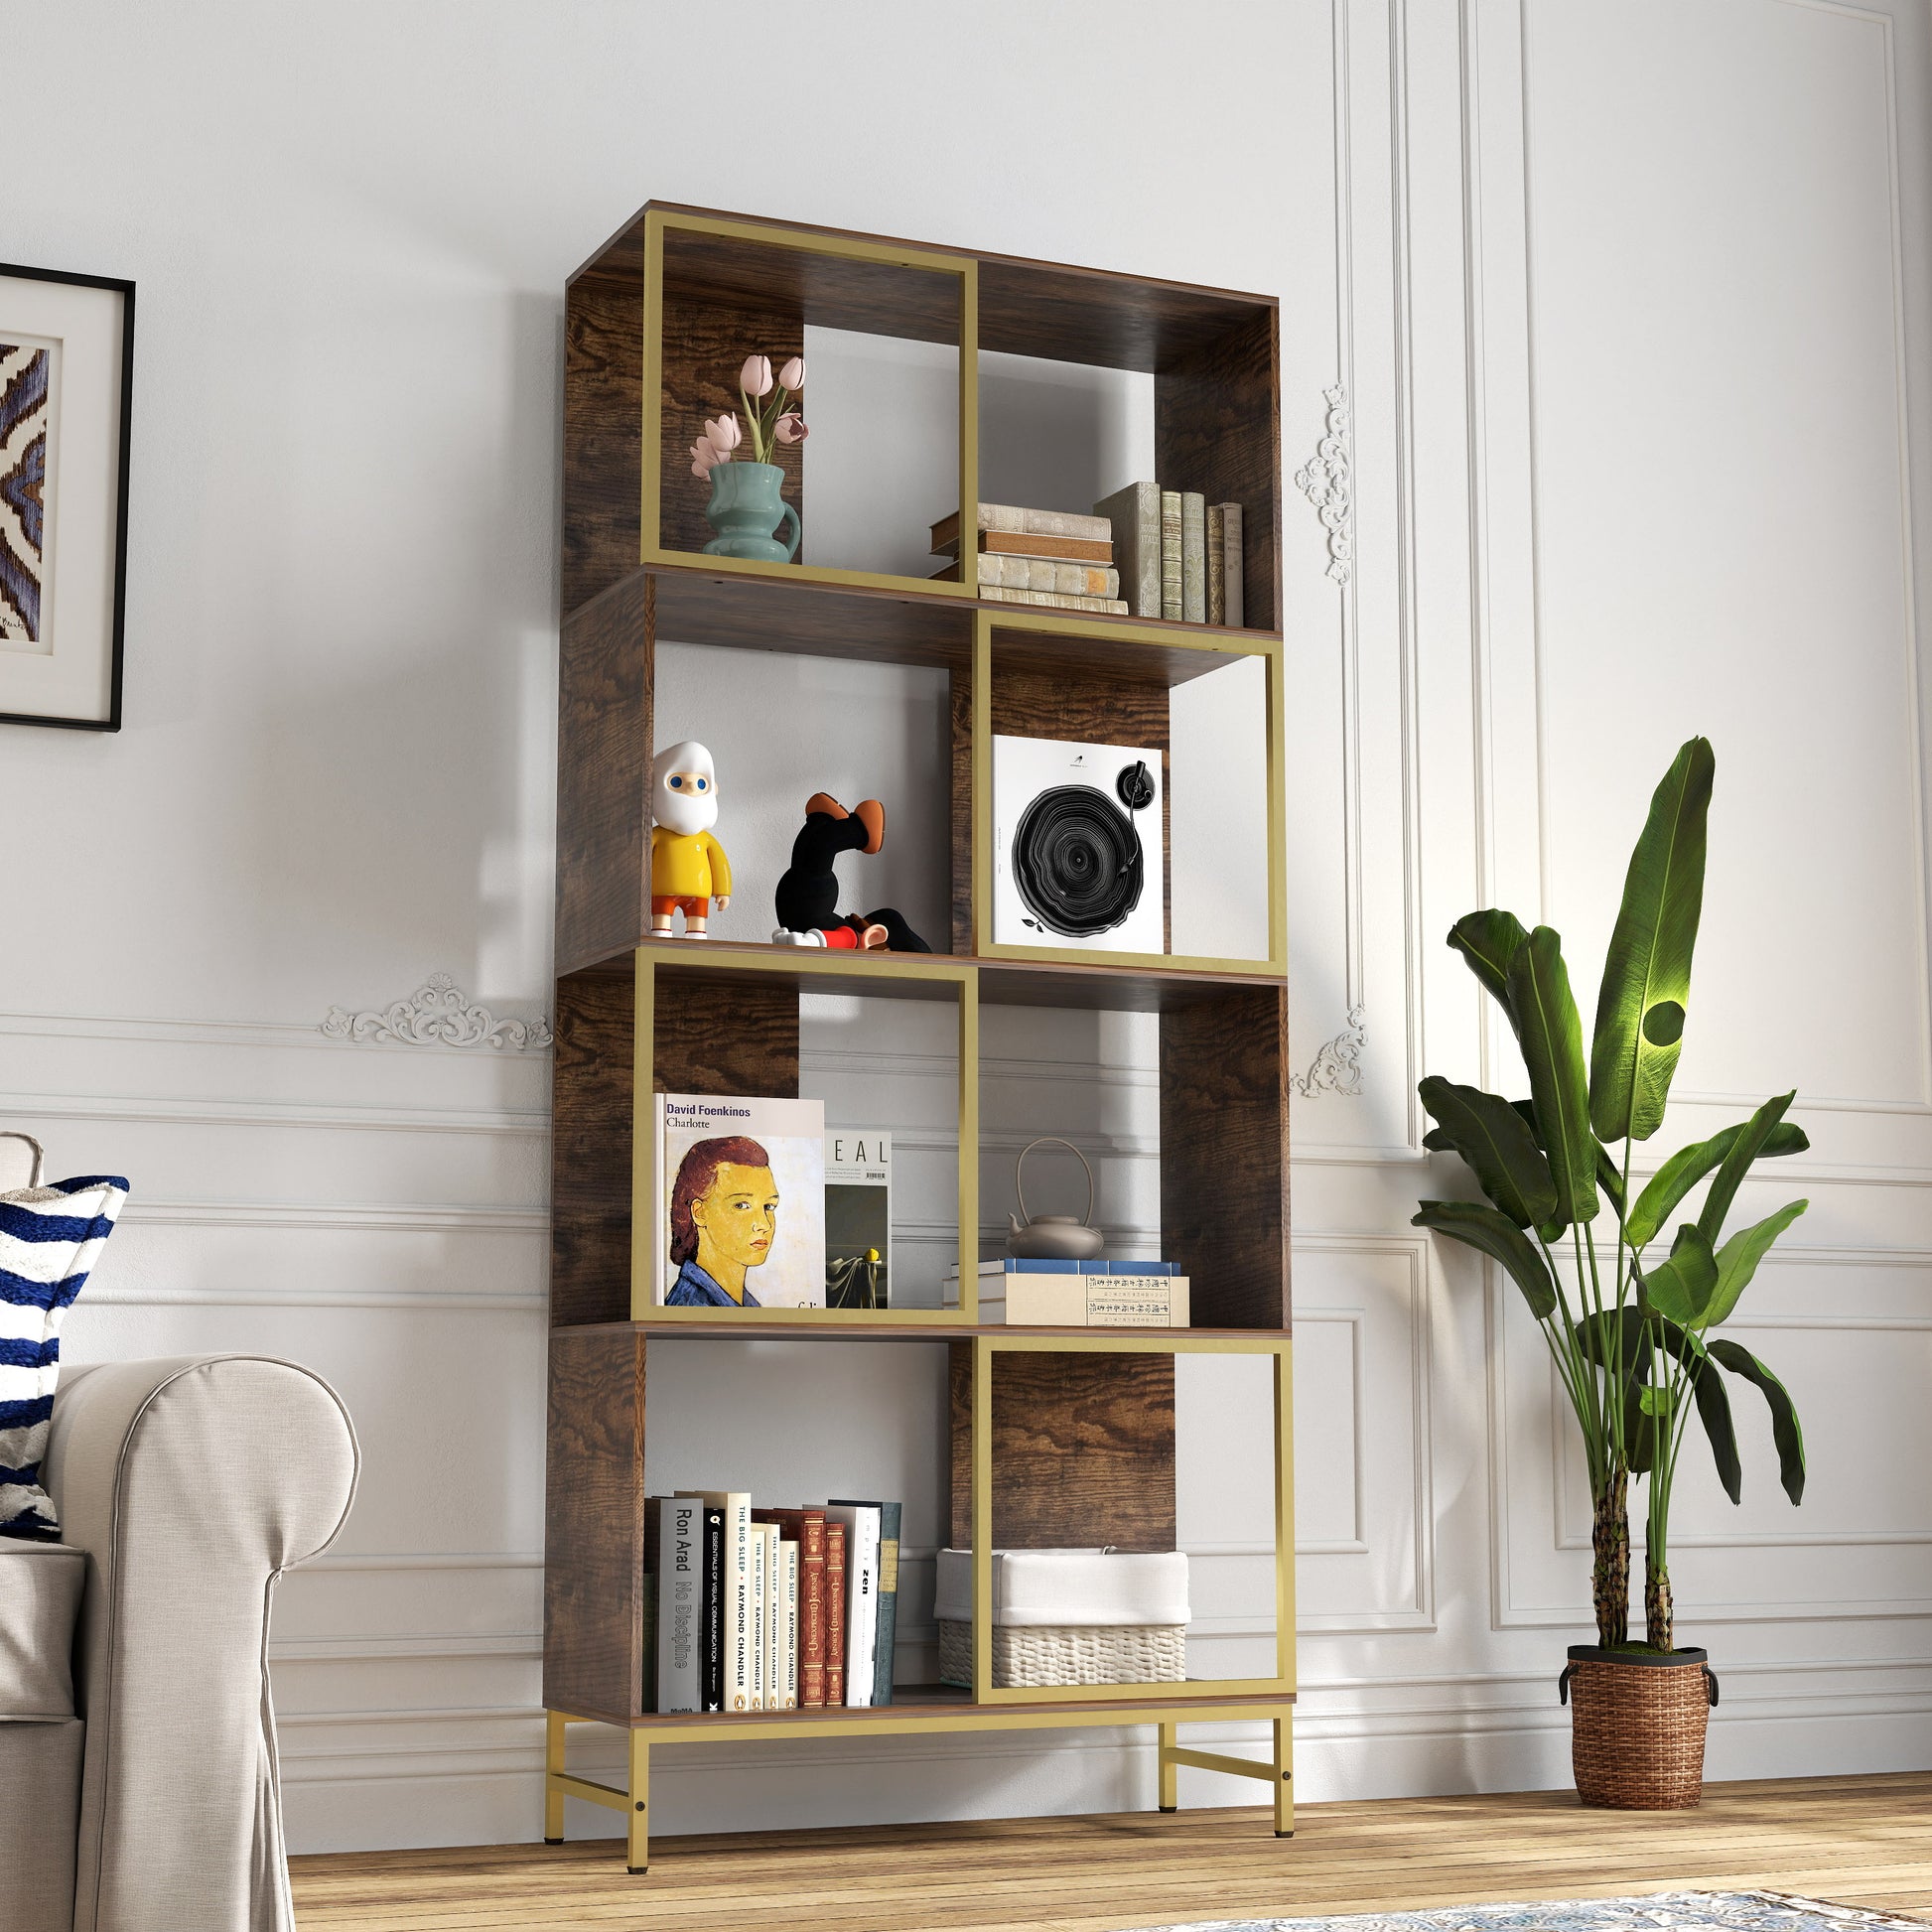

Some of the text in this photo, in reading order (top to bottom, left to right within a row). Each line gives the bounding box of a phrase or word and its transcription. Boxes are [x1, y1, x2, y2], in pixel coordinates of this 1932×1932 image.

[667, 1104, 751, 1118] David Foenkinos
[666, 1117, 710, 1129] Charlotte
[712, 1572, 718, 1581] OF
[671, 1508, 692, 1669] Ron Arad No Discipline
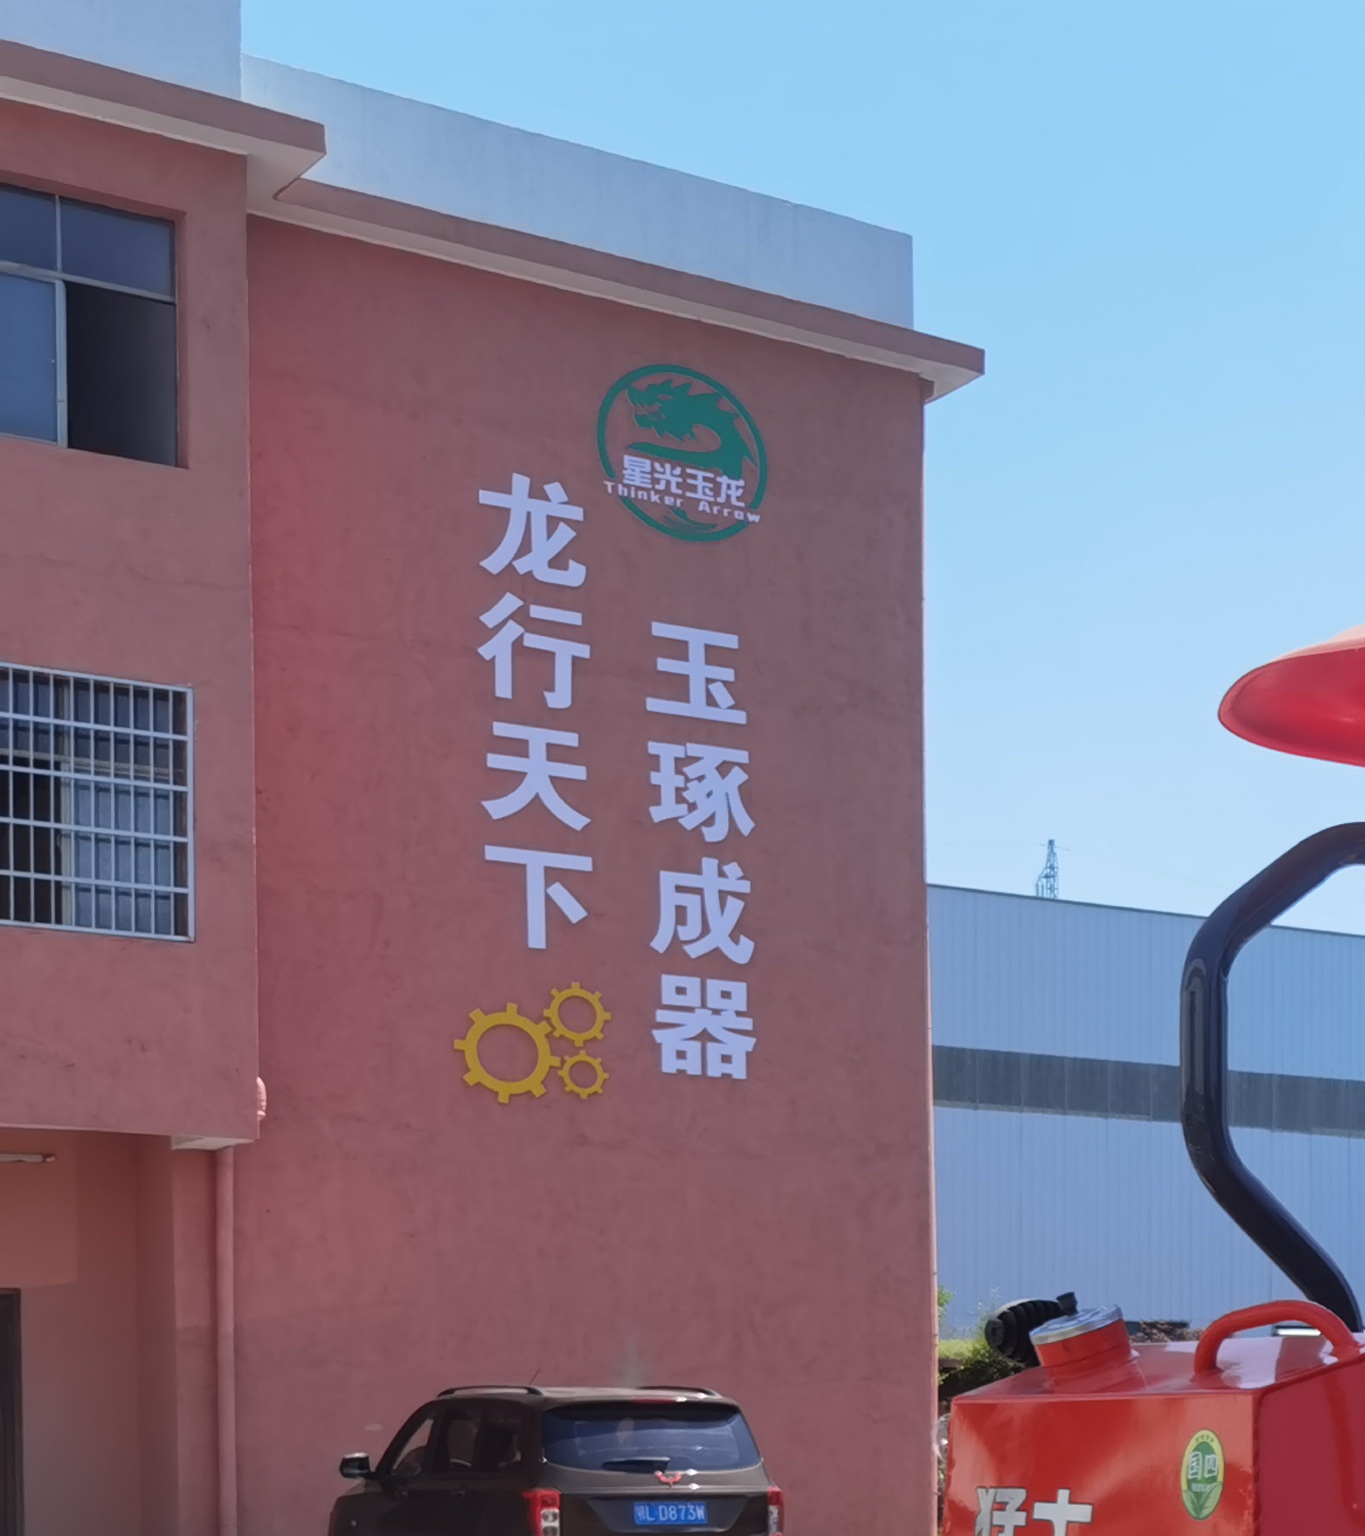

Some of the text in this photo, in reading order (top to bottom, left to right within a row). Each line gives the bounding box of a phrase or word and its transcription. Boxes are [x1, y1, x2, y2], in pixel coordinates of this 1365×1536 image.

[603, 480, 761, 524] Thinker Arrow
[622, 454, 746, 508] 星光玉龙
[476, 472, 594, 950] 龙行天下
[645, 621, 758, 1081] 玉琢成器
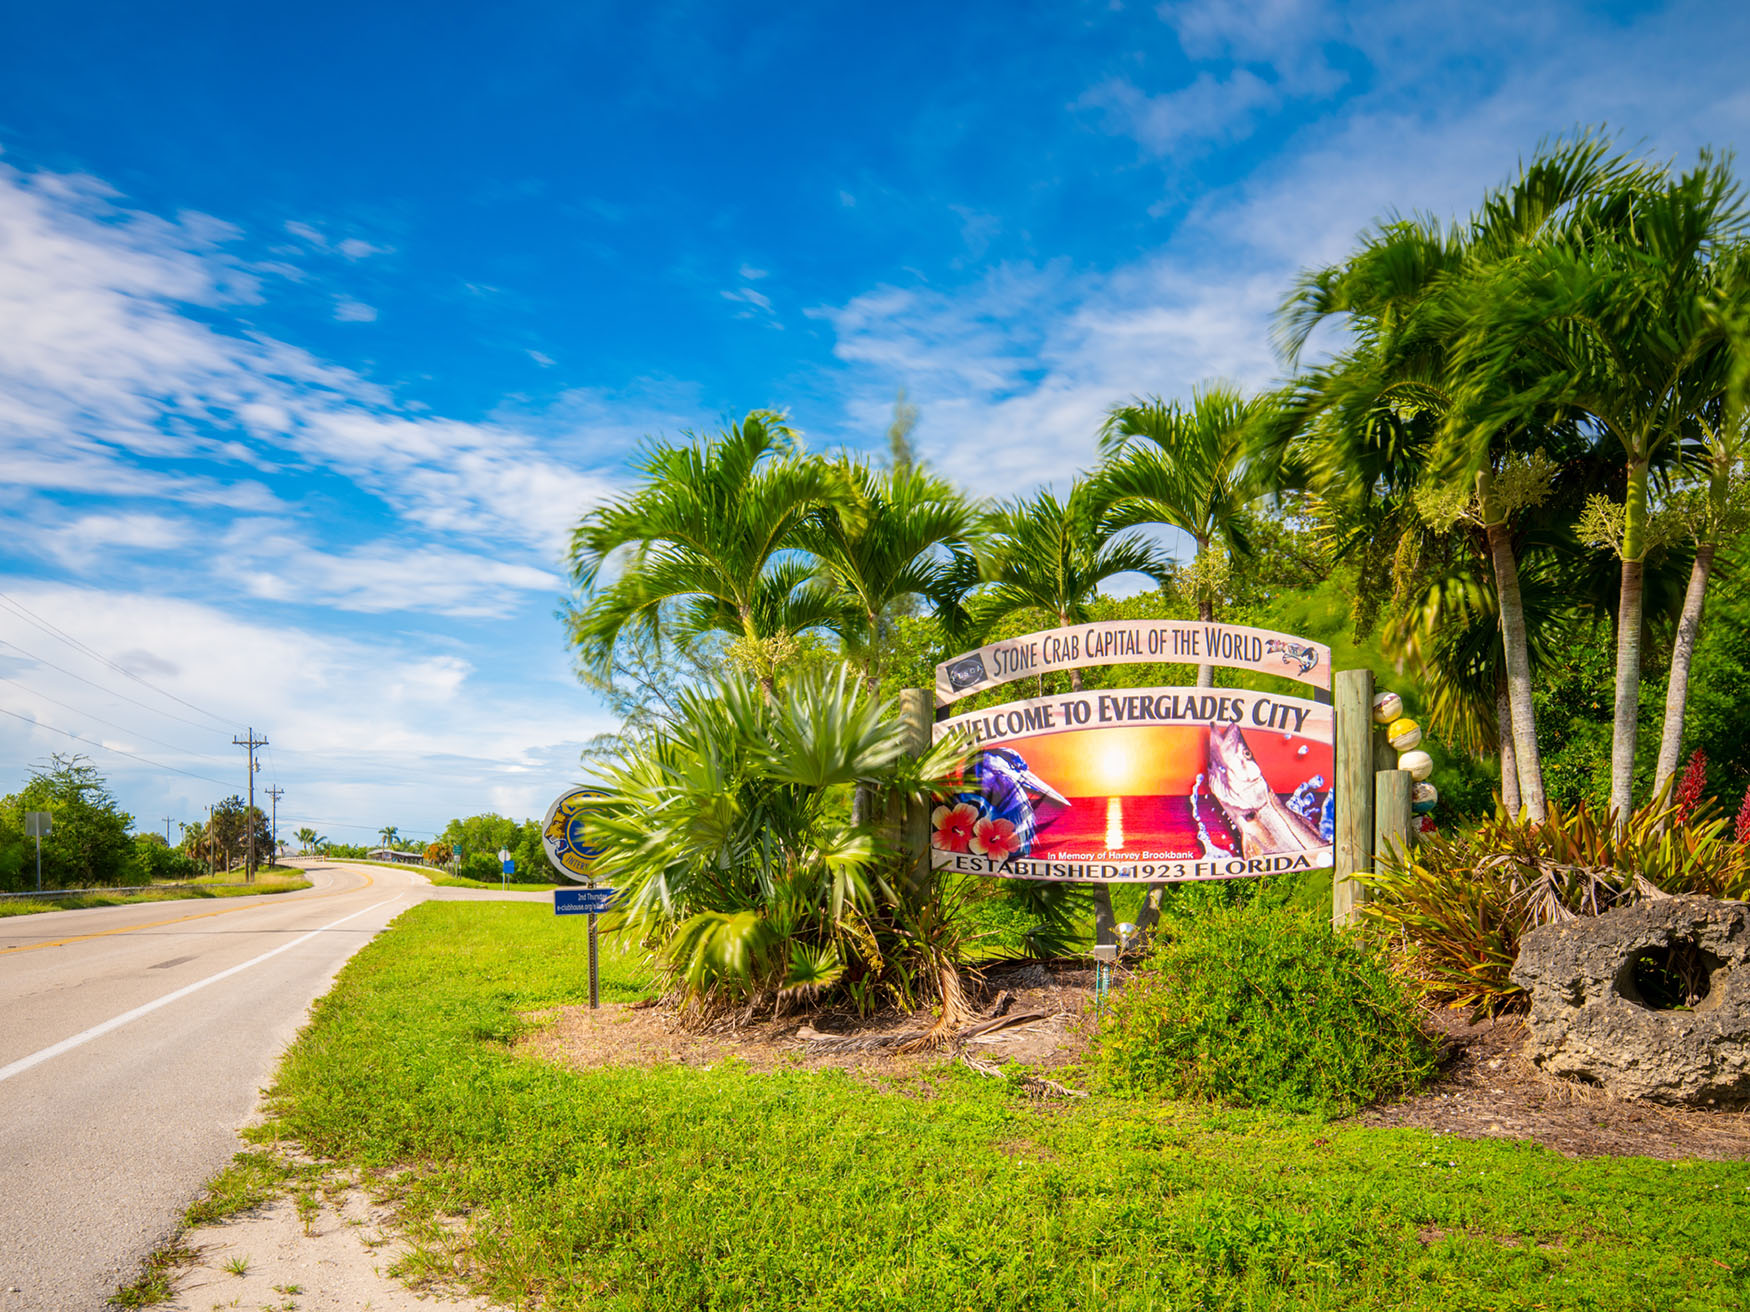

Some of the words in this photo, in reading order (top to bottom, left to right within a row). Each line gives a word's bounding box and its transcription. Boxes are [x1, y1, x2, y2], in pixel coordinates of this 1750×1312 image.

..........

*PROBLEM*.
Restate the data word for word, minus any images.

*WRITTEN ANSWER*.
Some of the text in this photo, in reading order (top to bottom, left to right within a row). Each line gives the bounding box of a phrase or word and its transcription. Boxes are [x1, y1, x2, y2], in pixel coordinates of this 1932×1932 image.

[667, 1104, 751, 1118] David Foenkinos
[666, 1117, 710, 1129] Charlotte
[712, 1572, 718, 1581] OF
[671, 1508, 692, 1669] Ron Arad No Discipline

Some of the text in this photo, in reading order (top to bottom, left to right within a row). Each line gives the bounding box of a phrase or word and its transcription. Boxes are [x1, y1, x2, y2], in pixel coordinates of this 1365×1536 image.

[603, 480, 761, 524] Thinker Arrow
[622, 454, 746, 508] 星光玉龙
[476, 472, 594, 950] 龙行天下
[645, 621, 758, 1081] 玉琢成器

Some of the words in this photo, in reading order (top to bottom, left to right within a row). Each line gives a word's bounding box and its transcription. Boxes are [x1, y1, x2, y2], in pixel coordinates of this 1750×1312 image.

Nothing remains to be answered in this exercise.